The entries that follow should be repeated exactly, with no pictures kept.

= = = = =

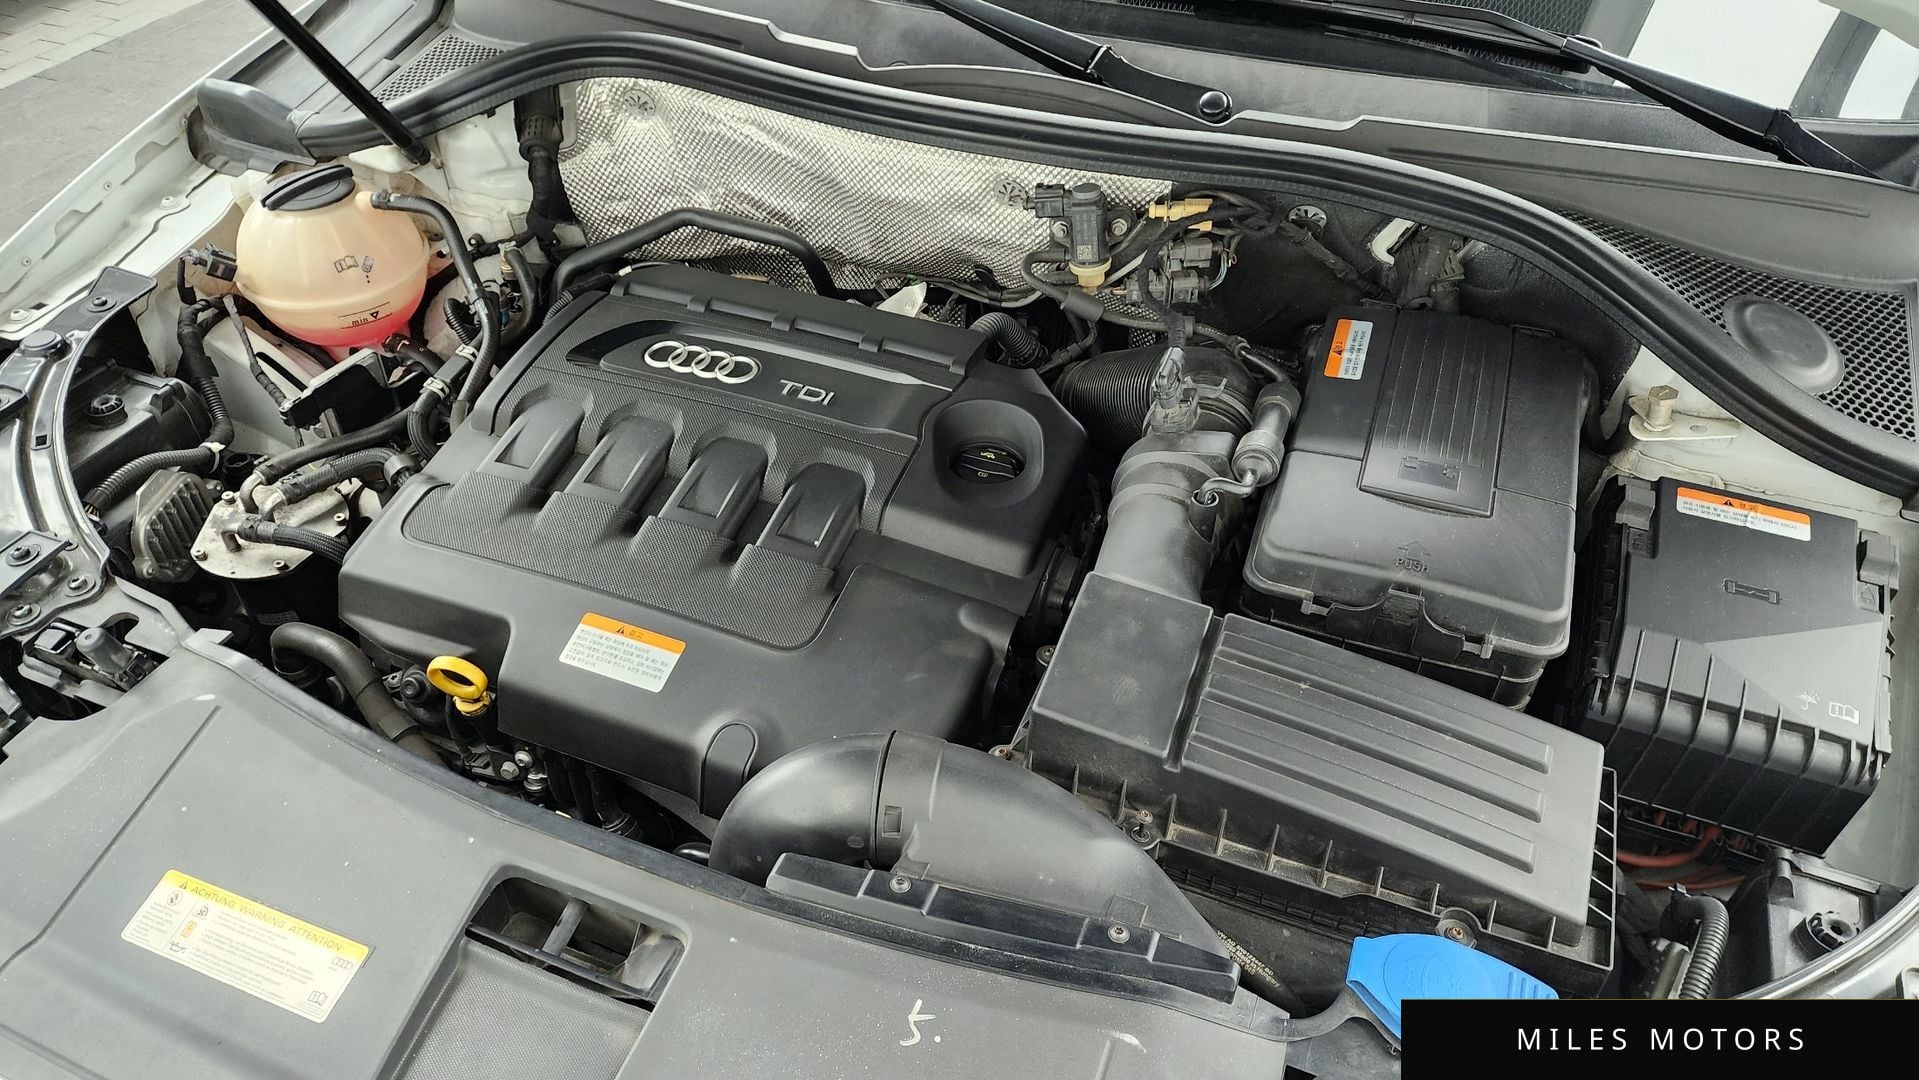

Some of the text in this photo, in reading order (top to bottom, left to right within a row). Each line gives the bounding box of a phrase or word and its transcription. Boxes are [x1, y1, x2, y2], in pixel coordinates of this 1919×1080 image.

[351, 317, 368, 326] min
[779, 379, 836, 406] TDI
[1395, 557, 1430, 574] PUSH
[191, 886, 344, 952] ACHTUNG WARNING ATTENTION
[1256, 965, 1281, 988] Hungary

= = = = =

### FINISHED EXERCISE:
Some of the text in this photo, in reading order (top to bottom, left to right within a row). Each line gives the bounding box of a phrase or word and its transcription. Boxes are [x1, y1, x2, y2], in pixel coordinates of this 1919×1080 image.

[351, 317, 368, 326] min
[779, 379, 836, 406] TDI
[1395, 557, 1430, 574] PUSH
[191, 886, 344, 952] ACHTUNG WARNING ATTENTION
[1256, 965, 1281, 988] Hungary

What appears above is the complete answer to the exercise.